Objective: The Strategic Timing of AntiRetroviral Treatment (START) trial found a lower risk of a composite clinical outcome in HIV-positive individuals assigned to immediate initiation of antiretroviral therapy (ART) compared with those assigned to deferred initiation. However, 30% of those assigned to deferred initiation started ART earlier than the protocol specified. To supplement the published intention-to-treat (ITT) effect estimates, here we estimate the per-protocol effect of immediate versus deferred ART initiation in START.
Design: The START trial randomized 4685 HIV-positive participants with CD4 cell counts more than 500 cells/μl to start ART immediately after randomization (immediate initiation group) or to wait until the CD4 cell count dropped below 350 cells/μl or an AIDS diagnosis (deferred initiation group).

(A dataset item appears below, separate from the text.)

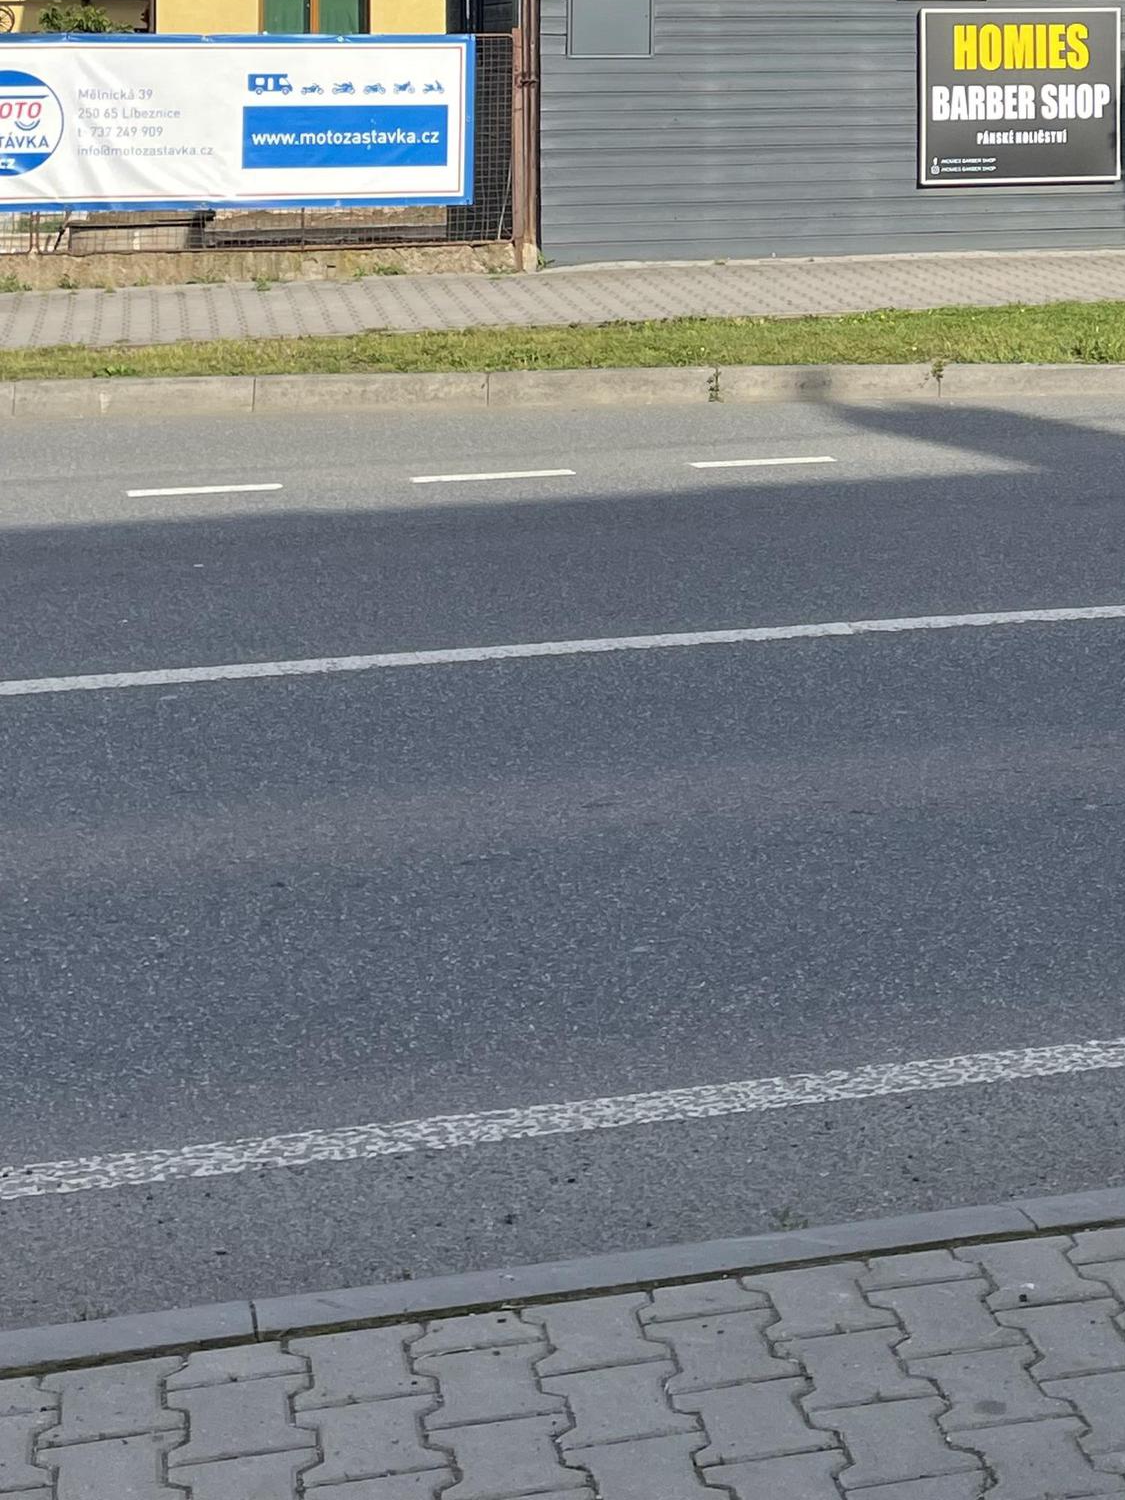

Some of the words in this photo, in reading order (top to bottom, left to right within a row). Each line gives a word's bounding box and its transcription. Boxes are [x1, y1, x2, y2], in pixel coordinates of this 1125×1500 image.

Methods: We used the parametric g-formula to estimate and compare the cumulative 5-year risk of the composite clinical outcome in the immediate initiation group, and deferred initiation groups had all the trial participants adhered to the protocol.
Results: We estimated that the 5-year risk of the composite outcome would have been 3.2% under immediate ART initiation and 7.0% under deferred initiation. The difference of 3.8% (95% confidence interval 1.5, 6.5) was larger than the ITT effect estimate of 3.1%, corresponding to a difference in effect estimates of 0.72% (-0.35, 2.35).
Conclusion: The ITT effect estimate may underestimate the benefit of immediate ART initiation by 23%. This estimate can be used by patients and policy-makers who need to understand the full extent of the benefit of changes in ART initiation policies.
Keywords: antiretroviral treatment; g-formula; HIV; per-protocol effect.